◆ Your goal ◆
When you repeat the material, keep each line exact and omit the pictures.

◆ Data records ◆
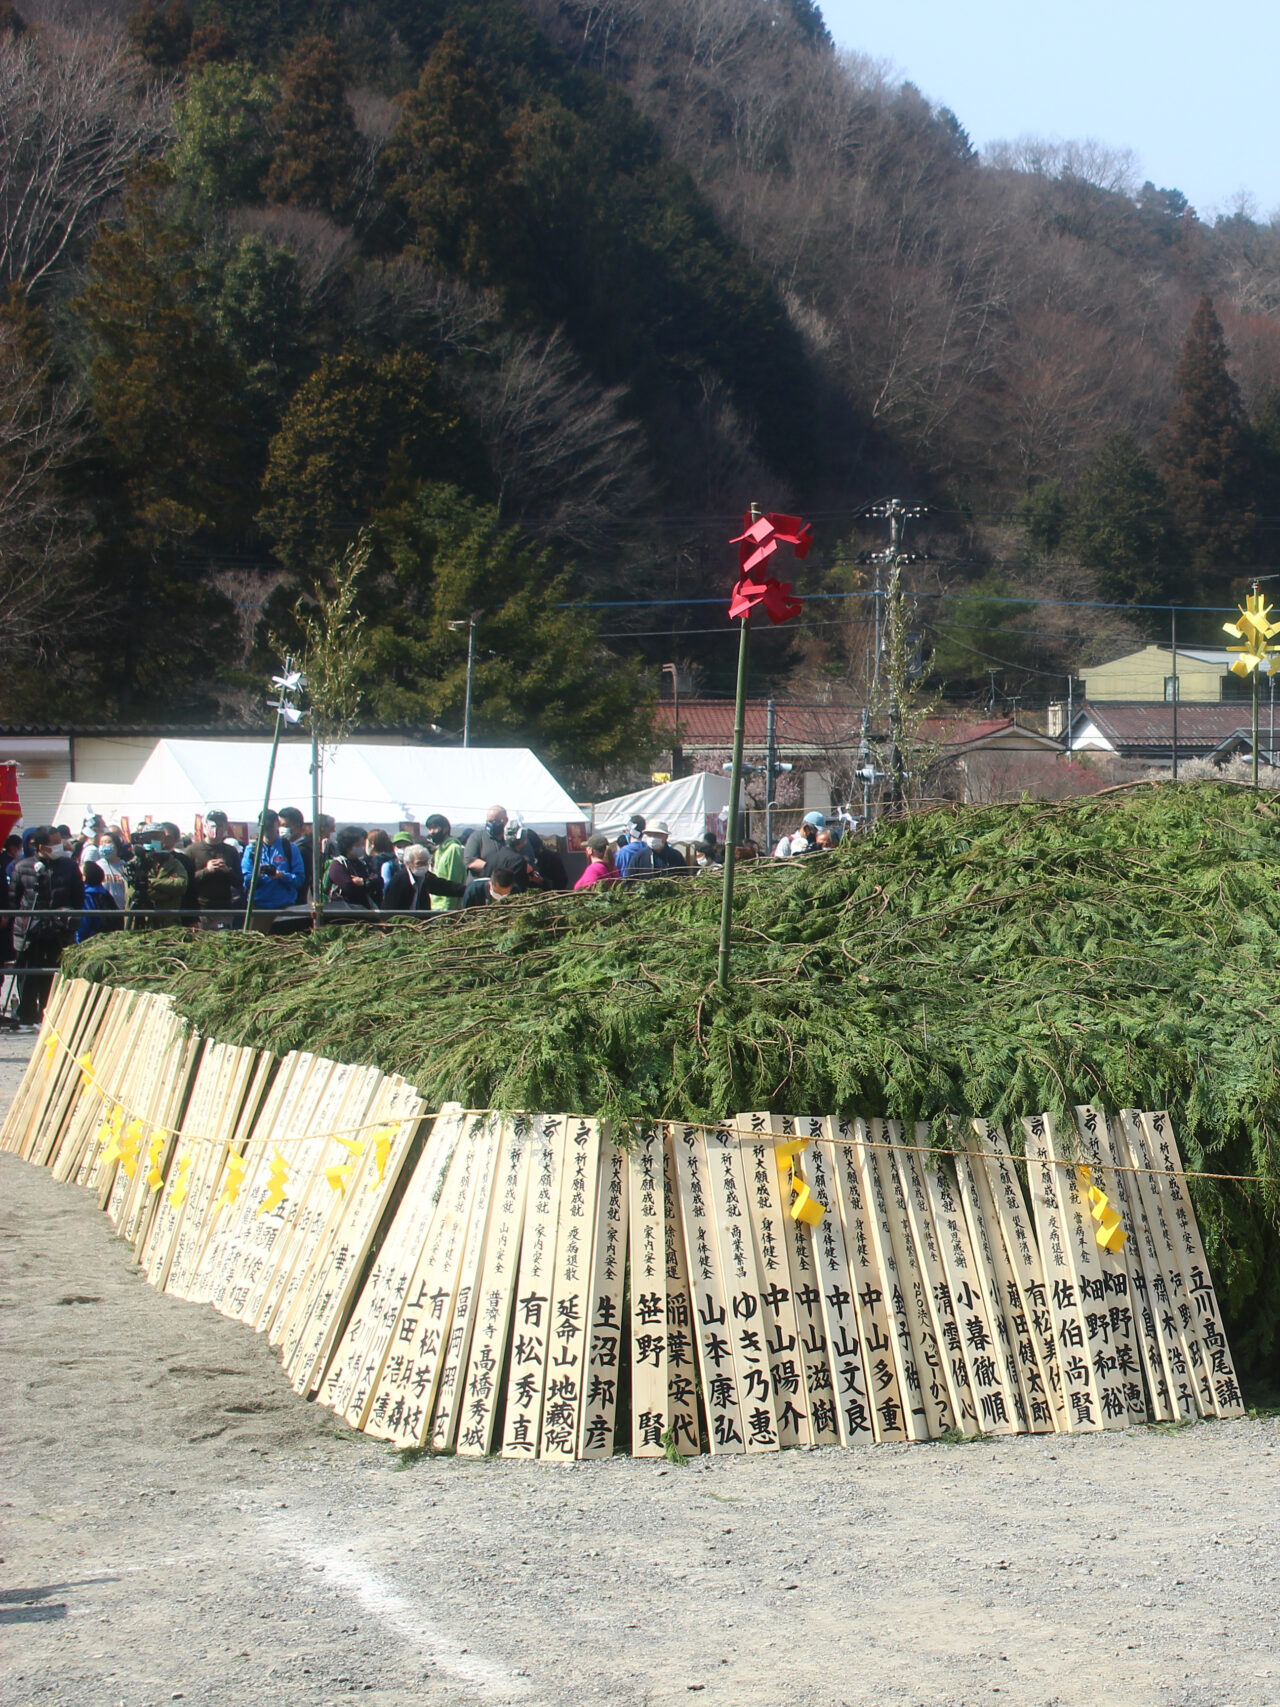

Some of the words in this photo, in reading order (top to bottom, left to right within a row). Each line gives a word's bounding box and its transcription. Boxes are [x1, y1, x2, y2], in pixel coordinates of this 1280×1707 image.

[502, 1148, 523, 1214] 祈大願成就
[535, 1148, 554, 1214] 祈大願成就
[569, 1152, 588, 1217] 祈大願成就
[606, 1154, 624, 1222] 祈大願成就
[640, 1154, 657, 1217] 祈大願成就
[687, 1156, 705, 1218] 祈大願成就
[720, 1152, 742, 1217] 祈大願成就
[752, 1144, 772, 1209] 祈大願成就
[811, 1150, 833, 1214] 祈大願成就
[842, 1146, 864, 1210] 祈大願成就
[936, 1163, 957, 1214] 大願成就
[994, 1148, 1019, 1209] 祈大願成就
[1036, 1147, 1059, 1209] 祈大願成就
[1159, 1142, 1183, 1202] 祈大願成就
[887, 1150, 907, 1210] 祈大願成就
[913, 1282, 931, 1329] NPO法人
[906, 1152, 929, 1212] 祈大願成就
[922, 1219, 939, 1263] 身体健全
[530, 1224, 547, 1278] 家内安全
[564, 1226, 583, 1282] 疫病退散
[603, 1227, 620, 1281] 家内安全
[642, 1225, 657, 1278] 家内安全
[696, 1226, 715, 1280] 身体健全
[760, 1217, 781, 1271] 身体健全
[821, 1219, 841, 1272] 身体健全
[855, 1217, 872, 1268] 身体健全
[946, 1219, 968, 1269] 報恩感謝
[1047, 1215, 1067, 1267] 疫病退散
[402, 1286, 450, 1440] 有松芳枝
[505, 1291, 549, 1453] 有松秀真
[584, 1295, 620, 1450] 生沼邦彦
[697, 1293, 743, 1447] 山本康弘
[759, 1282, 808, 1435] 中山陽介
[794, 1283, 839, 1436] 中山滋樹
[825, 1284, 872, 1437] 中山文良
[858, 1281, 902, 1433] 中山多重
[956, 1281, 1010, 1425] 小暮徹順
[1052, 1278, 1097, 1425] 佐伯尚賢
[1079, 1275, 1126, 1420] 畑野和裕

◆ Answer ◆
Some of the words in this photo, in reading order (top to bottom, left to right within a row). Each line gives a word's bounding box and its transcription. Boxes are [x1, y1, x2, y2], in pixel coordinates of this 1280×1707 image.

[502, 1148, 523, 1214] 祈大願成就
[535, 1148, 554, 1214] 祈大願成就
[569, 1152, 588, 1217] 祈大願成就
[606, 1154, 624, 1222] 祈大願成就
[640, 1154, 657, 1217] 祈大願成就
[687, 1156, 705, 1218] 祈大願成就
[720, 1152, 742, 1217] 祈大願成就
[752, 1144, 772, 1209] 祈大願成就
[811, 1150, 833, 1214] 祈大願成就
[842, 1146, 864, 1210] 祈大願成就
[936, 1163, 957, 1214] 大願成就
[994, 1148, 1019, 1209] 祈大願成就
[1036, 1147, 1059, 1209] 祈大願成就
[1159, 1142, 1183, 1202] 祈大願成就
[887, 1150, 907, 1210] 祈大願成就
[913, 1282, 931, 1329] NPO法人
[906, 1152, 929, 1212] 祈大願成就
[922, 1219, 939, 1263] 身体健全
[530, 1224, 547, 1278] 家内安全
[564, 1226, 583, 1282] 疫病退散
[603, 1227, 620, 1281] 家内安全
[642, 1225, 657, 1278] 家内安全
[696, 1226, 715, 1280] 身体健全
[760, 1217, 781, 1271] 身体健全
[821, 1219, 841, 1272] 身体健全
[855, 1217, 872, 1268] 身体健全
[946, 1219, 968, 1269] 報恩感謝
[1047, 1215, 1067, 1267] 疫病退散
[402, 1286, 450, 1440] 有松芳枝
[505, 1291, 549, 1453] 有松秀真
[584, 1295, 620, 1450] 生沼邦彦
[697, 1293, 743, 1447] 山本康弘
[759, 1282, 808, 1435] 中山陽介
[794, 1283, 839, 1436] 中山滋樹
[825, 1284, 872, 1437] 中山文良
[858, 1281, 902, 1433] 中山多重
[956, 1281, 1010, 1425] 小暮徹順
[1052, 1278, 1097, 1425] 佐伯尚賢
[1079, 1275, 1126, 1420] 畑野和裕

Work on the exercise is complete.